What is not widely appreciated, however, is that the working group is
also expected to discuss how our Pharmaceutical Benefits Scheme can
become more responsive to "innovation". Annex 2C of the free trade
agreement required each government to facilitate greater recognition of
"innovation" in pharmaceuticals. This was said by our negotiators to be
a "soft" obligation with no legal force, but is now being aggressively
used by the pharmaceutical industry to drive changes to public health
policy in Australia. One common public expression of these lobbying
efforts is that the PBS system must create more "headroom" to reward
"innovation". Does this mean that Australian taxpayers must now accept
this covert transfer of public health sovereignty and prioritise reward
of unilateral industry claims for "innovation", without scientific
scrutiny?
So what are "innovative" drugs? And how should we decide how much to pay
for them? If you perform a Google search for the word "innovation", the
results take you into the world of marketing "new" and "useful" ideas.
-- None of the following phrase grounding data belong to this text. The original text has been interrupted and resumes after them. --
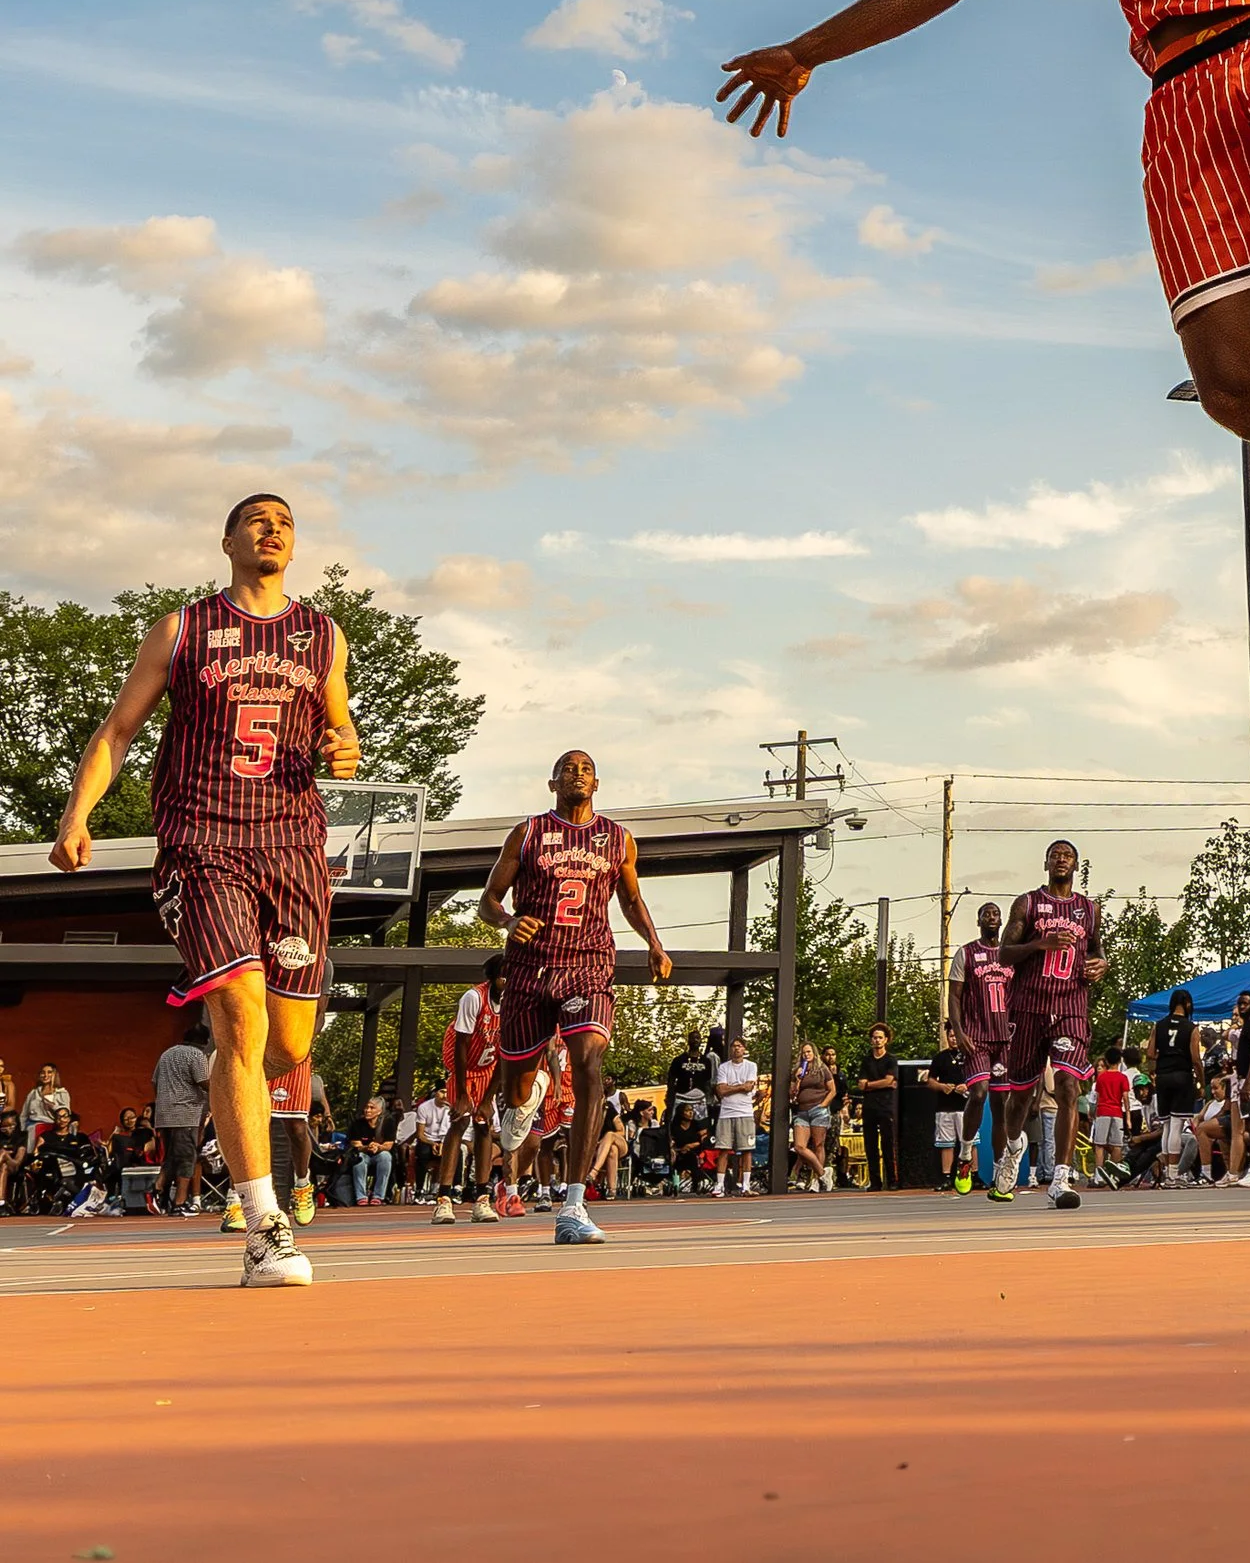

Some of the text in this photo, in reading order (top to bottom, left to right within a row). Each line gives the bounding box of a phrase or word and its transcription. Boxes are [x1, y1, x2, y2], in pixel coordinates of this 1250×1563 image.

[200, 651, 317, 692] Heritage
[227, 683, 295, 702] Classic
[231, 705, 281, 778] 5
[537, 847, 611, 873] Heritage
[554, 867, 597, 879] Classic
[554, 879, 587, 927] 2
[1042, 943, 1077, 980] 10
[988, 982, 1007, 1012] 11
[1168, 1029, 1178, 1047] 7
In Annex 2C of the agreement, pharmaceutical Australian negotiators
linked "innovation" to "affordability" and "objectively demonstrated
therapeutic significance".
In drug industry lobbying, however, "innovative" refers to any product
characteristic that provides a market advantage. In the case of drugs,
examples can include relatively trivial advances in delivery, such as
smaller tablets or a film-coating facilitating swallowing, once-a-day
dosing etc. Yet, it seems irrational, and contrary to the spirit of
Annex 2C, to specially reward such changes (in addition to high monopoly
rents from patents) when they are merely inevitable and routine results
of the normal product development cycle.
If achieving a patent over new pharmaceutical technology becomes a guide
to "innovation", then our regulators need to look much more carefully at
the criteria and ease with which patent offices grant applications. They
should also draw on international experience to counter companies
building their business plans around "evergreening" of patents, or the
development and aggressive marketing of minor ("me-too") variations of
high sales volume drugs (i.e. to reduce blood pressure, cholesterol and
stomach acid).
Once governments set a reasonable level of sustainable profits, altruism
can become a driver for innovation in the pharmaceutical industry.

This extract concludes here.